## WHAT IS BEING ASKED
Transcribe every record verbatim; no pictures.

Annotated photo localization data:
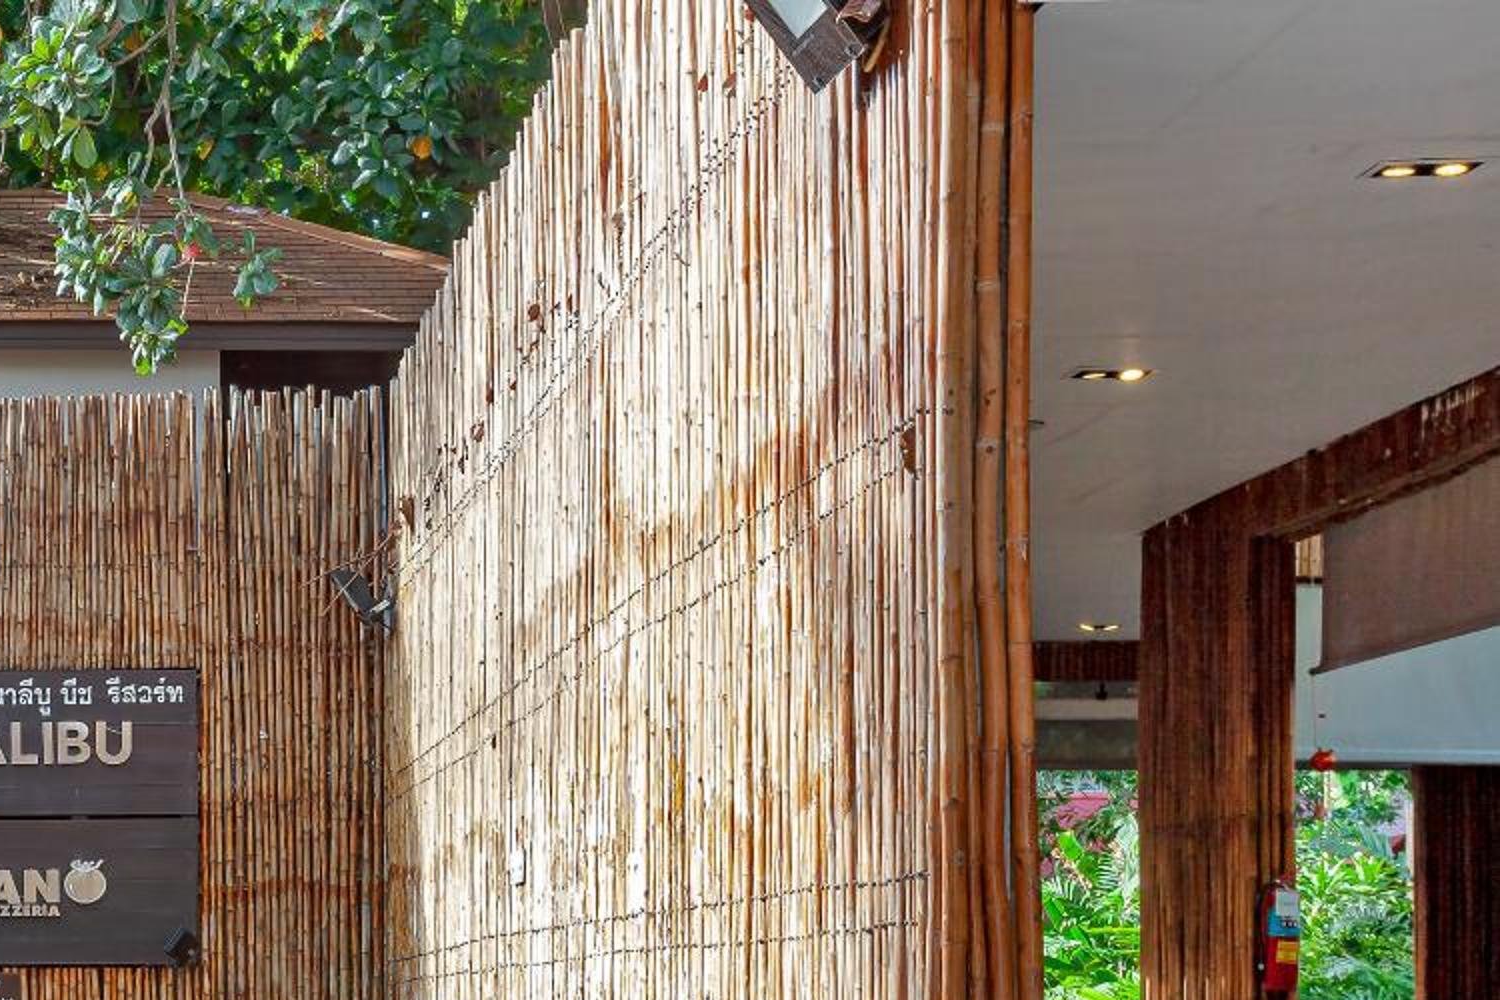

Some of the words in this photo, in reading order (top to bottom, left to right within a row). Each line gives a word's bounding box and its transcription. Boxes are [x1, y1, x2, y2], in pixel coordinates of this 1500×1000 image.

[60, 677, 93, 705] บีช
[105, 676, 184, 704] รีสอร์ท
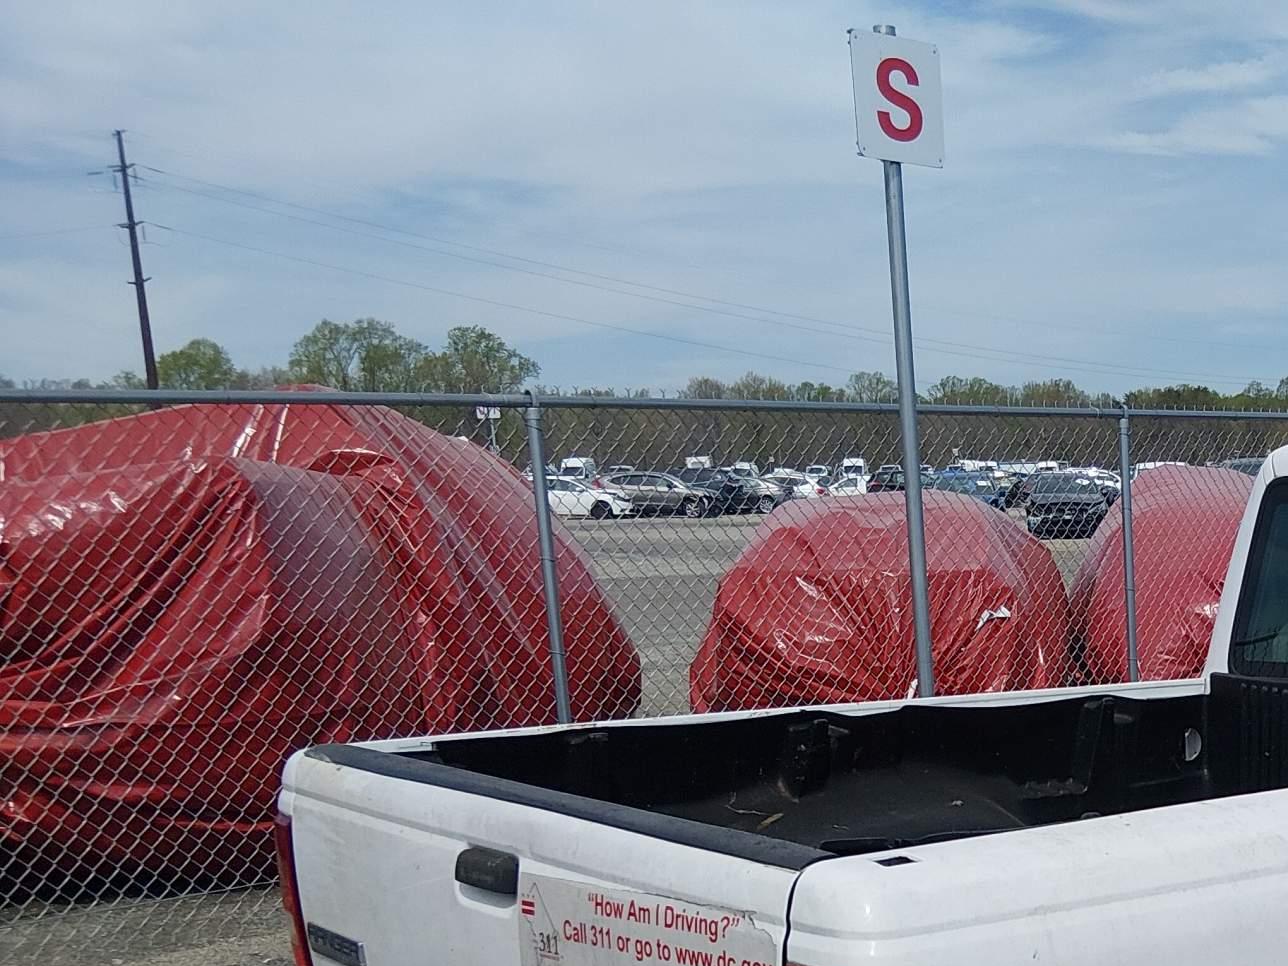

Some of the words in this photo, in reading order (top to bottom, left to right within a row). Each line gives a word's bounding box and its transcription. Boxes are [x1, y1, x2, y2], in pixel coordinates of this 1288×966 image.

[876, 57, 924, 142] S
[627, 899, 651, 925] Am
[656, 904, 660, 926] I
[539, 932, 559, 955] 311
[563, 920, 587, 945] Call
[591, 925, 612, 949] 311
[617, 936, 631, 953] or
[635, 939, 652, 961] go
[657, 939, 671, 961] to
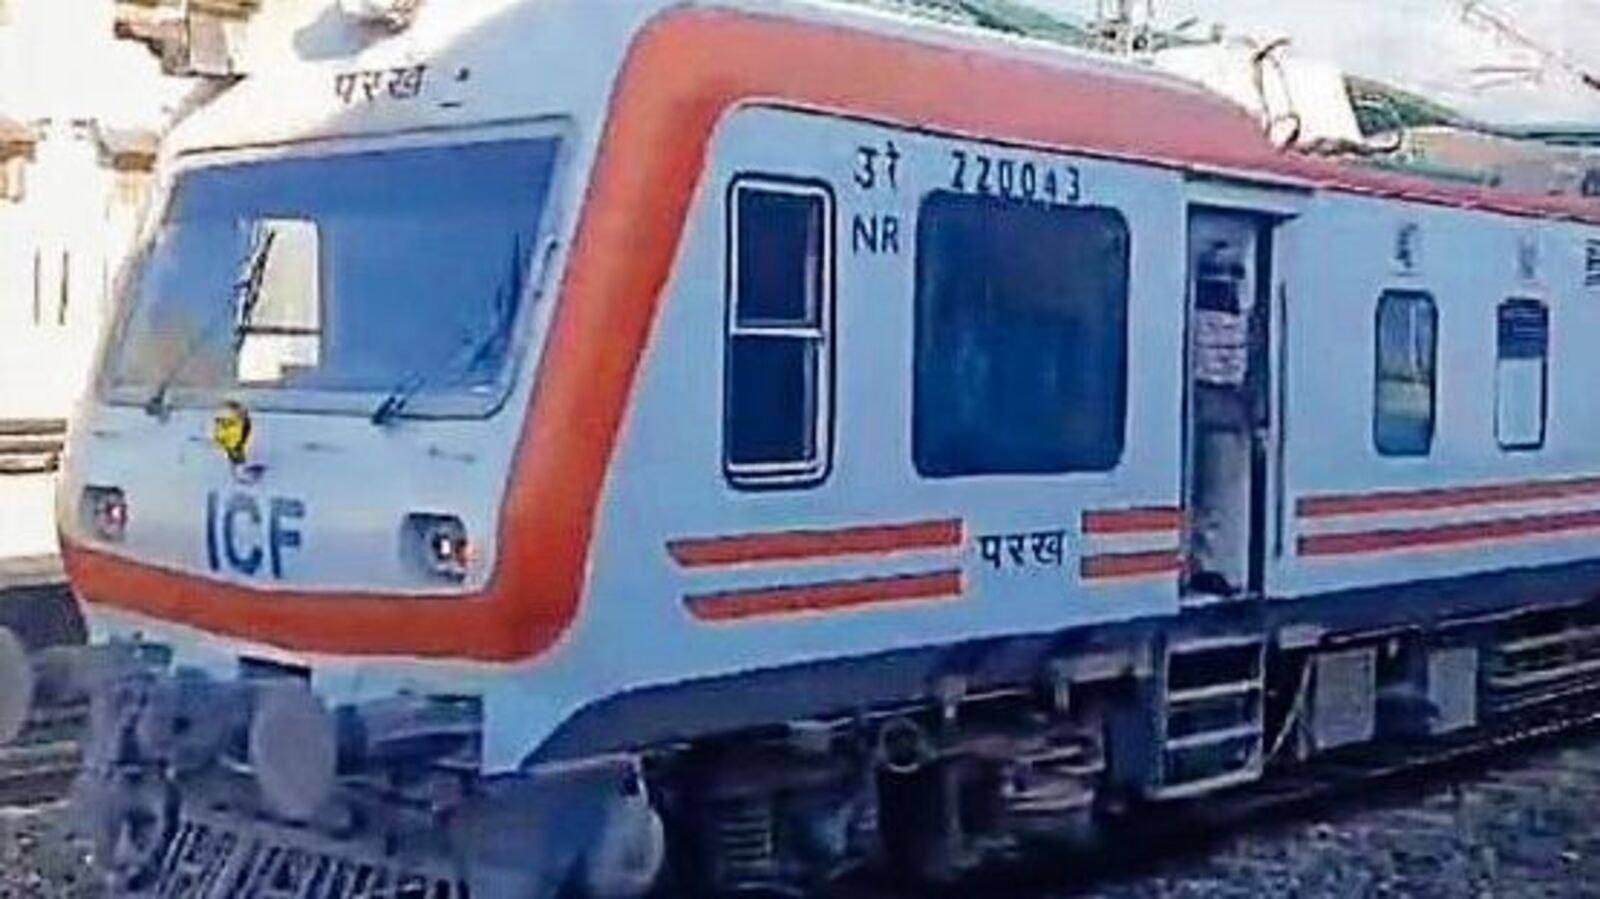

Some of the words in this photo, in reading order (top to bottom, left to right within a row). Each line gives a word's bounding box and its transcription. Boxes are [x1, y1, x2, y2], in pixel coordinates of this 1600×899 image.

[852, 213, 899, 254] NR
[206, 491, 306, 579] ICF
[978, 531, 1065, 569] परख
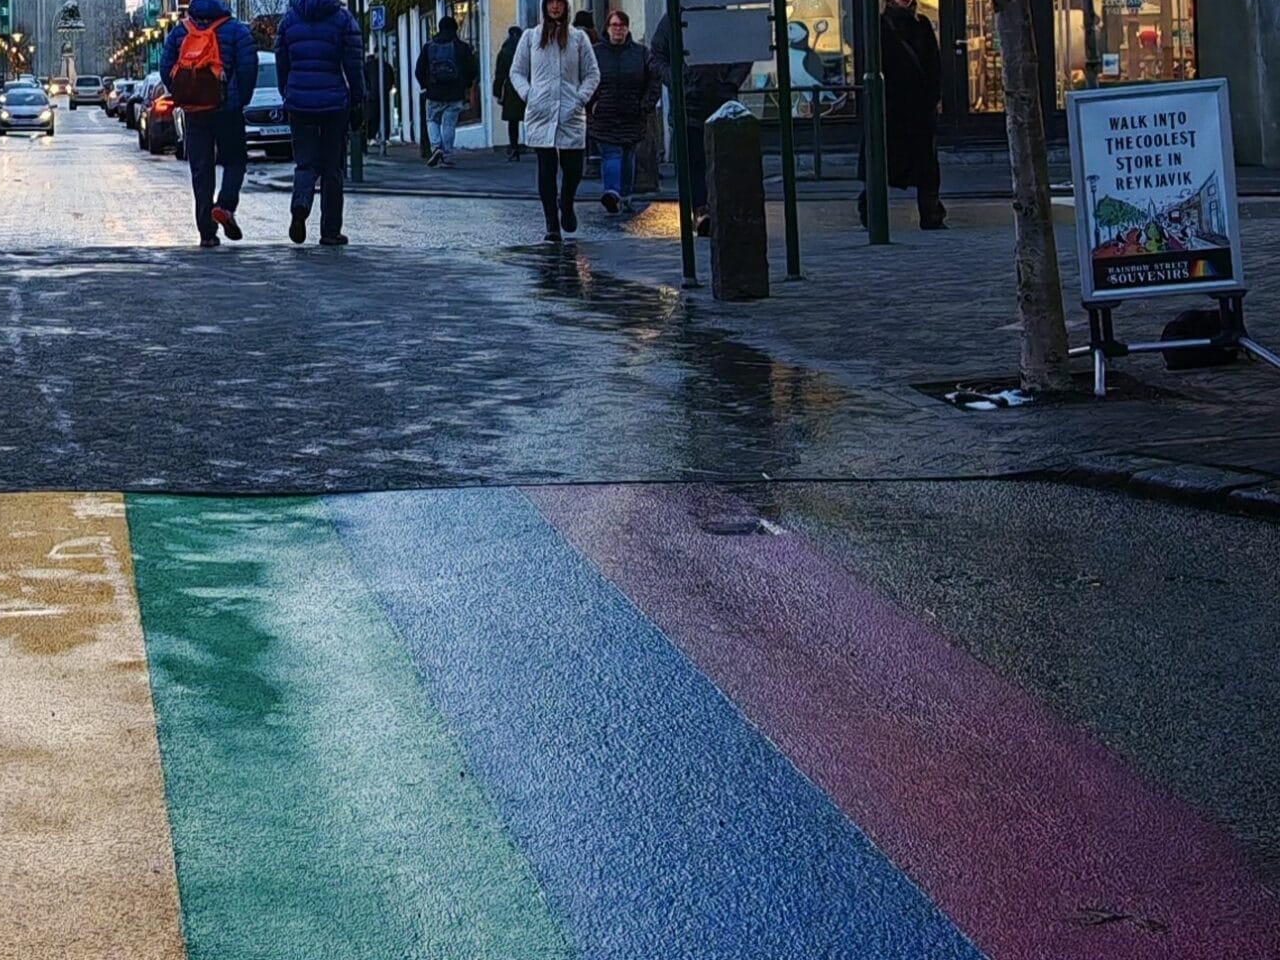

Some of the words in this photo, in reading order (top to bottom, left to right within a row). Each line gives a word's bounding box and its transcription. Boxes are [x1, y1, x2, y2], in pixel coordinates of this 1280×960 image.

## YOUR RESPONSE
Some of the words in this photo, in reading order (top to bottom, left to right within a row). Each line gives a word's bounding box and its transcription. Boxes are [x1, y1, x2, y2], in pixel coordinates of this 1500×1000 image.

[60, 677, 93, 705] บีช
[105, 676, 184, 704] รีสอร์ท

Some of the words in this photo, in reading order (top to bottom, left to right within a row). Each line gives a word's bounding box and its transcription. Boxes are [x1, y1, x2, y2], in pixel coordinates of this 1288×966 image.

[876, 57, 924, 142] S
[627, 899, 651, 925] Am
[656, 904, 660, 926] I
[539, 932, 559, 955] 311
[563, 920, 587, 945] Call
[591, 925, 612, 949] 311
[617, 936, 631, 953] or
[635, 939, 652, 961] go
[657, 939, 671, 961] to

Some of the words in this photo, in reading order (top to bottom, left to right within a row). Each line gives a word's bounding box and its transcription. Boxes are [x1, y1, x2, y2], in pixel coordinates of this 1600×899 image.

[852, 213, 899, 254] NR
[206, 491, 306, 579] ICF
[978, 531, 1065, 569] परख

Some of the words in this photo, in reading order (top to bottom, left to right within a row). Each line gives a word's bounding box and its transcription. Boxes are [x1, y1, x2, y2], in pixel coordinates of this 1280×960 image.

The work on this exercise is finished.